Ka’Lise Benson is a rising junior at the Alabama School of Fine Arts as a Theater Arts student. She loves to perform and has won several state titles in the dramatic arts. From volunteering at camps to participating in The World Games Youth Choir this summer, Ka’Lise has always been one to happily serve her community in any capacity possible. Her dedication to improving Birmingham is one of the many qualities that distinguishes her from others. Recently, Ka’Lise has gained the title of being the 2023 Miss Birmingham Teen USA. Keep reading to learn more about what she is doing for the Birmingham community, and how she wants our educational system to improve.
Tell us about how you got interested in becoming the 2023 Miss Birmingham Teen USA.
“Miss Birmingham Teen USA was very unexpected. I got accepted last year, but I couldn’t do it because of the schedule. This past year, I wanted to try over the summer and apply again. I really wanted it to work out because everyone I’ve talked to who does pageants and similar activities says it’s such a fulfilling and rewarding experience. I got an acceptance email back this summer, and I zoomed with some state directors and other girls. Later, I got a call telling me this title was available, and that I should submit for it. It was so unexpected but exciting.
For me, becoming Miss Birmingham Teen USA was primarily about the connection to others, and the friendships and bonds I would make, in addition to the amazing scholarship opportunities. That’s what was really important to me: meeting new people and having new experiences.”
What have you been focusing and working on in this role? How has it helped you become more active in the community?
“For me, it’s all about transparent education – giving every child the opportunity to learn effectively without any barriers, whether that’s age, race, etc. Whatever information and knowledge is available, kids should be able to have. It shouldn’t be hidden or held back because of these barriers. None of that should affect someone’s education.
This is something I’ve been working towards and actually trying to put action behind since last November. I wrote an article on this topic for the Learning for Justice magazine (link below). I am currently doing a public administration and affairs internship, and it has a lot of this educational research involved.
Right now, my role is gathering the necessary information and meeting with community leaders. I’ve been gathering information on the educational system in Birmingham because I feel like I can’t go in and change anything unless I understand the history behind it. I need to know who and what got the educational system to where it is in order to see what it can be in the future. So right now, it’s more of a research type position.
Anyone that knows me personally knows that I am a straightforward person. Honesty and being yourself is something that is super important to me. So when it comes to my education, I want those who are responsible for teaching me and others to be transparent with the facts.

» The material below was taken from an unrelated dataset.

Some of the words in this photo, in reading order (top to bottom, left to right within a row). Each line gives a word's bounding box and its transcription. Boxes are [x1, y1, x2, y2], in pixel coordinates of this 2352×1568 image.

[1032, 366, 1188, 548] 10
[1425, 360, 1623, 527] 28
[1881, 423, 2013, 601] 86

Obviously having a title like Miss Birmingham Teen USA gets you in a position to meet more people and have more of a public appearance. But I think in terms of being able to advocate what you stand for and what you want to see, it’s more about your internal drive – it’s the person behind the title. Now, getting in the room and getting in front of the right people is what my title will really help me with, but again, in order to have your ideas be received well, the person behind the title is what really matters.”
What would you like for Birmingham to look like in the future?

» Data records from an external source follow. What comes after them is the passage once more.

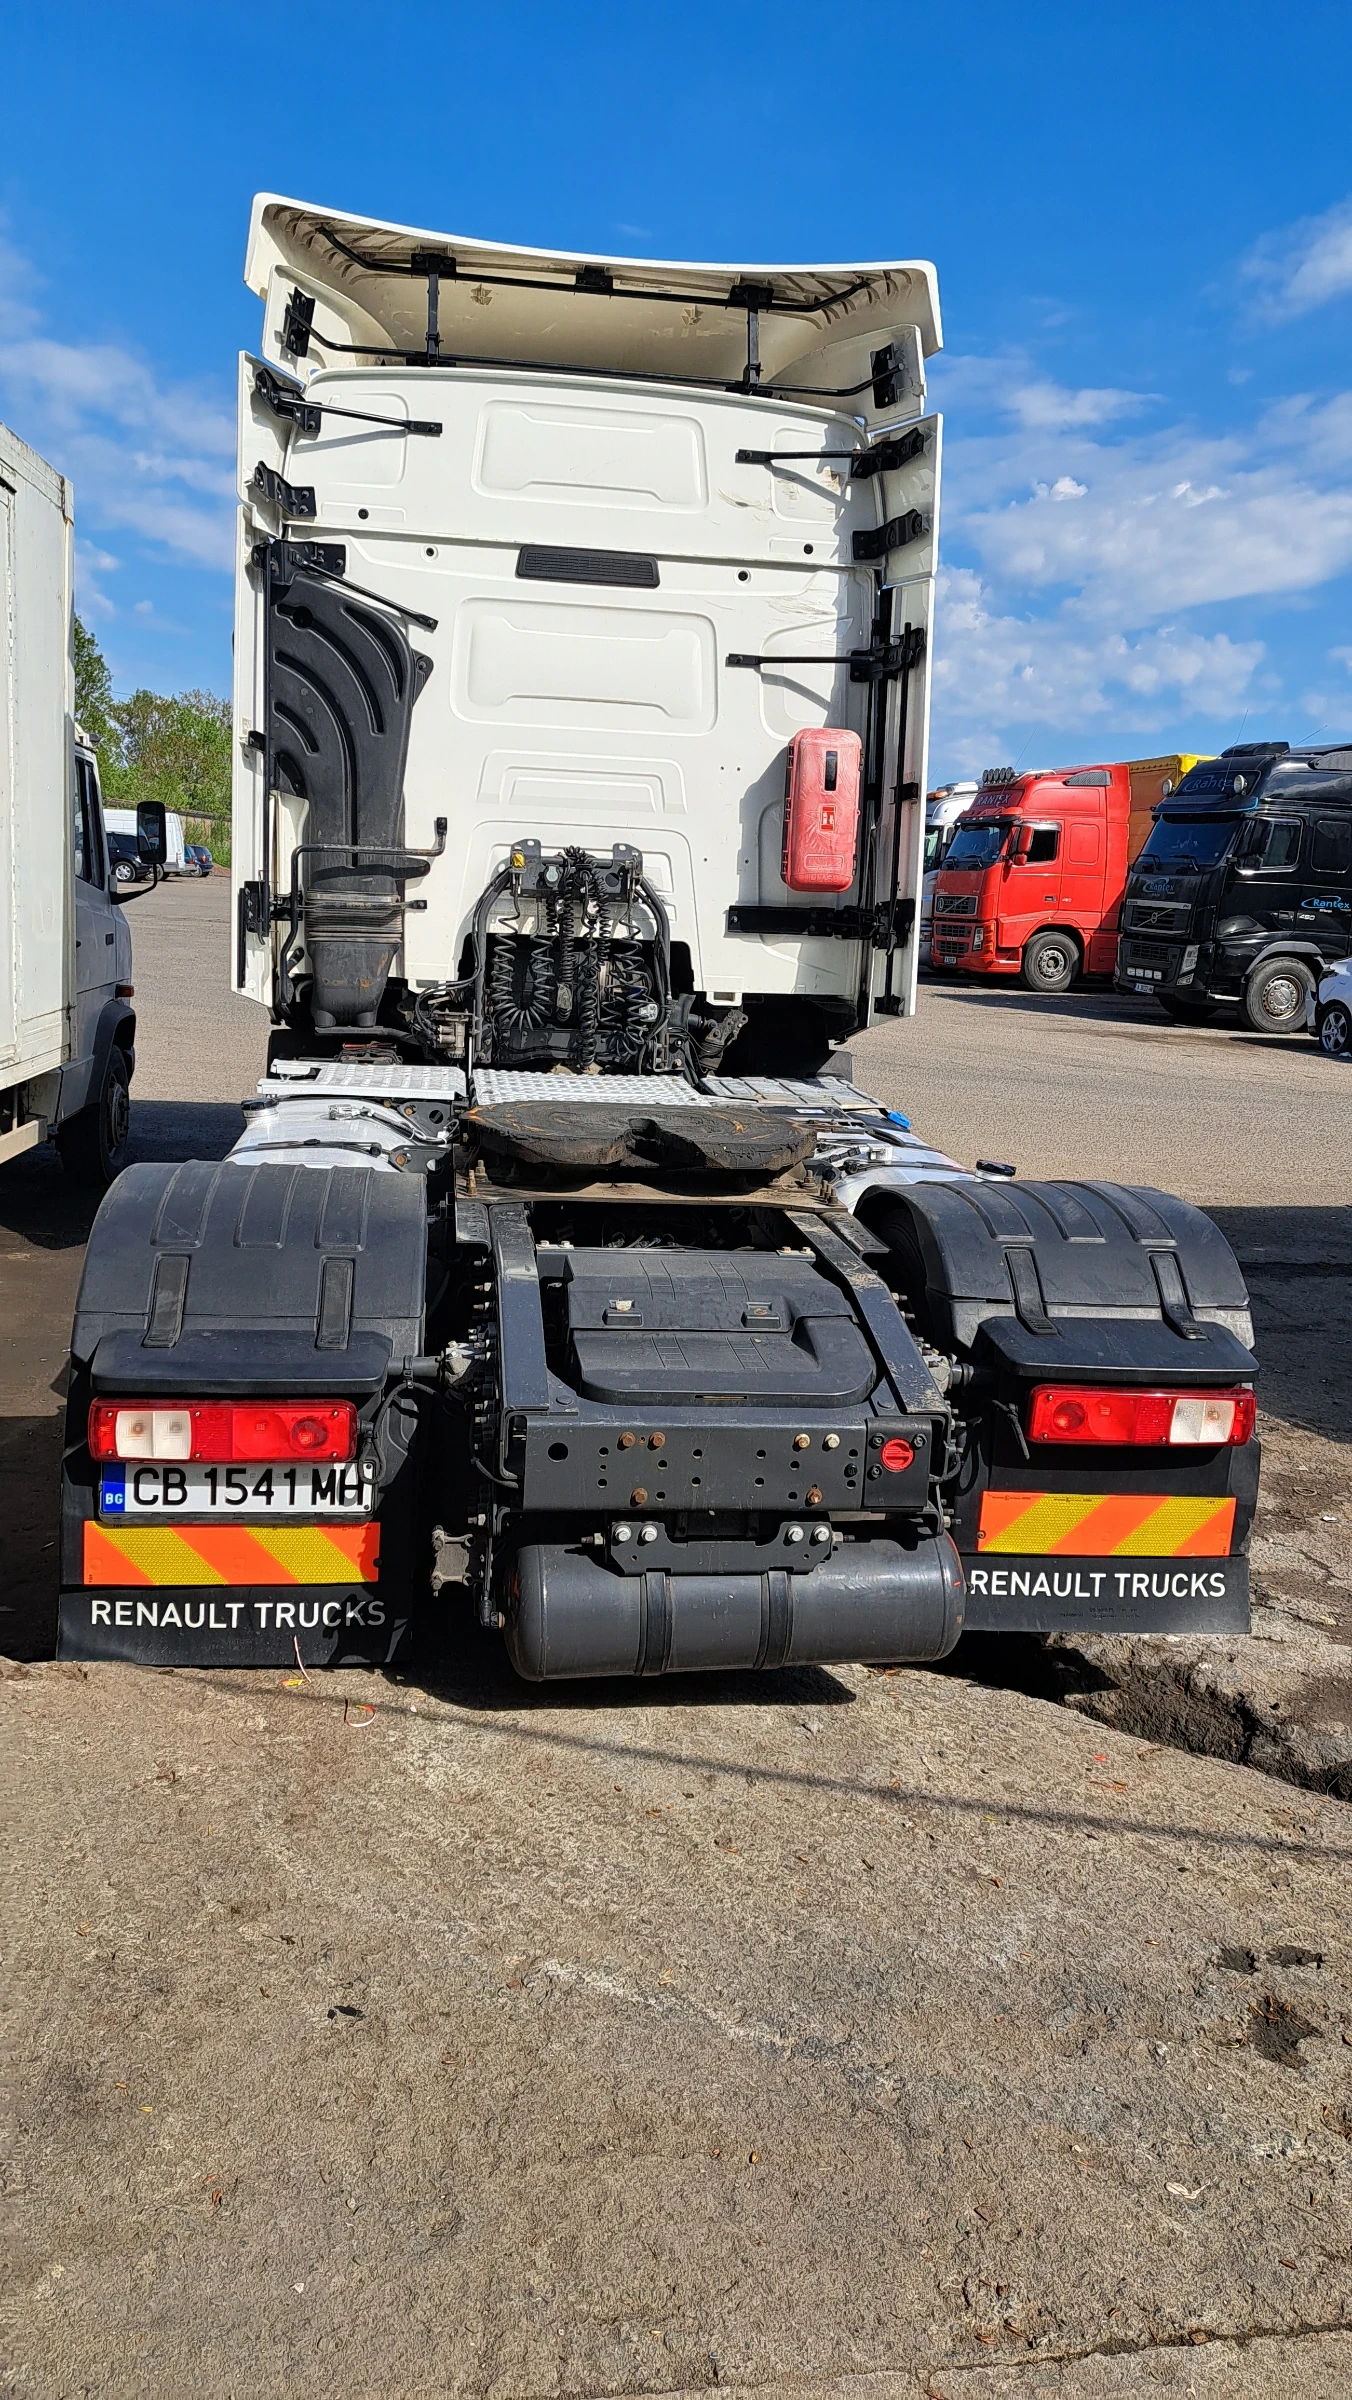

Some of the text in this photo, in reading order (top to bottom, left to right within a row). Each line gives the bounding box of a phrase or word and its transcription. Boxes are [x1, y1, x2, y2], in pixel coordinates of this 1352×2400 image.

[977, 793, 1012, 805] RANTEX
[1150, 881, 1175, 891] Rantex
[1313, 898, 1350, 909] Rantex
[133, 1467, 364, 1507] CB 1541 MH
[105, 1492, 124, 1505] BG
[971, 1569, 1226, 1598] RENAULT TRUCKS
[91, 1600, 386, 1629] RENAULT TRUCKS

“My biggest hope for Birmingham is to see more diversity and inclusion- in education, publications, media, stores, etc. A lot of what we learn lacks representation. The only black history I learned in school was about Martin Luther King Jr. and Rosa Parks. There was no information on what other black people have been able to do for this country, and what they have been able to achieve as a culture. Honestly, I was never really taught much more about other cultures either. This is something that we’ve been working on, but I want there to be more representation in every aspect of Birmingham life, from the people who work in our local grocery stores to the people who make public decisions about our lives.”
Why do you think it is important that younger people should be engaged with their community?
“Being involved in your community is valuable for a myriad of reasons. For one, your community and its leaders are making decisions that will impact you; so I think being involved and knowing what’s happening is extremely important. Being involved also gives you an opportunity to learn and grow. I don’t think you can know where you’re going unless you know where you came from.
You don’t just want to live – you want to thrive. You want to live your life on purpose, where you can be fulfilled and feel of value. Learning about the things that shape you and your community can give you that internal drive and ambition that you need to help others. If anything, you should get involved to learn about yourself.”